We combine both those things into an Array.from call which accepts two arguments:
an object to turn into an array
a function for mapping each slot
Turning an object with a length property into an array means that we create an array with length many slots.
The mapping function accepts the index of a slot as the second parameter. We only use the index — as a counter for our binary number.
So, finally this whole expression:
Array.from({length: 2 ** (arr.length - 1)}, (_, index) => index.toString(2).padStart(arr.length - 1, "0"))
evaluates to the following array:
[
"0000",
"0001",
"0010",
"0011",
"0100",
"0101",
"0110",
"0111",
"1000",
"1001",
"1010",
"1011",
"1100",
"1101",
"1110",
"1111"
]
We need to further map this to the final result:
.map((binary) => …)
For each array element, binary is one of the binary strings from the array above.
In order to turn e.g. "0110" into something like "12,9,47", we need to map over arr as well. Every digit num from arr should be followed by , at position, iff binary is 1 at position:
arr.map((num, position) => num + (Number(binary[position]) ? "," : "")).join("")
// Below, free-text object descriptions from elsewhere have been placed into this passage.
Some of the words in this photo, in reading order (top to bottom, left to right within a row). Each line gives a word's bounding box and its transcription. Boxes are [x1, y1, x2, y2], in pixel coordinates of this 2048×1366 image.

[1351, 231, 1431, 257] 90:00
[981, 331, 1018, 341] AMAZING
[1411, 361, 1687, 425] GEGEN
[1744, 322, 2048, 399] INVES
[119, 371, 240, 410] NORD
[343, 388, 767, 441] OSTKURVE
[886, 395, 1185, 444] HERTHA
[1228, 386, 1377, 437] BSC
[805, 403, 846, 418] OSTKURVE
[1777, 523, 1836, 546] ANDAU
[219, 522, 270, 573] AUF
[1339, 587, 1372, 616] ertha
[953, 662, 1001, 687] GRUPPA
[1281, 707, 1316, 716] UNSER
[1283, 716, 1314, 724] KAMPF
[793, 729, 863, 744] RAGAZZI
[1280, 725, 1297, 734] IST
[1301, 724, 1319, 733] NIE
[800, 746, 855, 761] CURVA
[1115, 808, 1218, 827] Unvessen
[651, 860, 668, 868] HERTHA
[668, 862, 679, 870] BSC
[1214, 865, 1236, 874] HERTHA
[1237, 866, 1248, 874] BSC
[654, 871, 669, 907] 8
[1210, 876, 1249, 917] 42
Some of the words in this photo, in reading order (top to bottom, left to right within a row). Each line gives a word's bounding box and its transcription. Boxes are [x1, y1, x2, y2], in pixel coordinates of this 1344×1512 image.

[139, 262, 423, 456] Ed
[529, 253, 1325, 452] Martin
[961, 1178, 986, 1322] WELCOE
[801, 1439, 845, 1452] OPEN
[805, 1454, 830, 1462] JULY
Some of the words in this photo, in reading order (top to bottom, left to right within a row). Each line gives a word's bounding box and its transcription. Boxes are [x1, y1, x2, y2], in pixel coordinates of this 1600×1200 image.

The expression (Number(binary[position]) ? "," : "") evaluates binary at the specified position as a number. If it’s truthy, i.e. anything but 0, it evaluates to ",", if it’s falsy, i.e. 0, it evaluates to "".
So an intermediate array would look like ["1", "2,", "9,", "4", "7"]. All of this is joined together to "12,9,47".
Then, with JSON.parse("[" + … + "]") it’s being treated and parsed as an array, so it turns into [12, 9, 47]. Since these steps are applied for each binary string, you’ll end up with the final result.
2 ** (arr.length - 1) can be replaced by Math.pow(2, arr.length - 1) if ECMAScript 7 is not supported.
{length: 2 ** (arr.length - 1)} can be replaced by new Array(2 ** (arr.length - 1)).
(Number(binary[position]) ? "," : "") can be replaced by ["", ","][Number(binary[position])]. In this case the evaluated number will be used as an index for a temporary array.
So you need to iterate over all the combinations of "space" and "not space" between all the numbers. With n items, there will be n - 1 spaces, and 2 ** (n - 1) different lists.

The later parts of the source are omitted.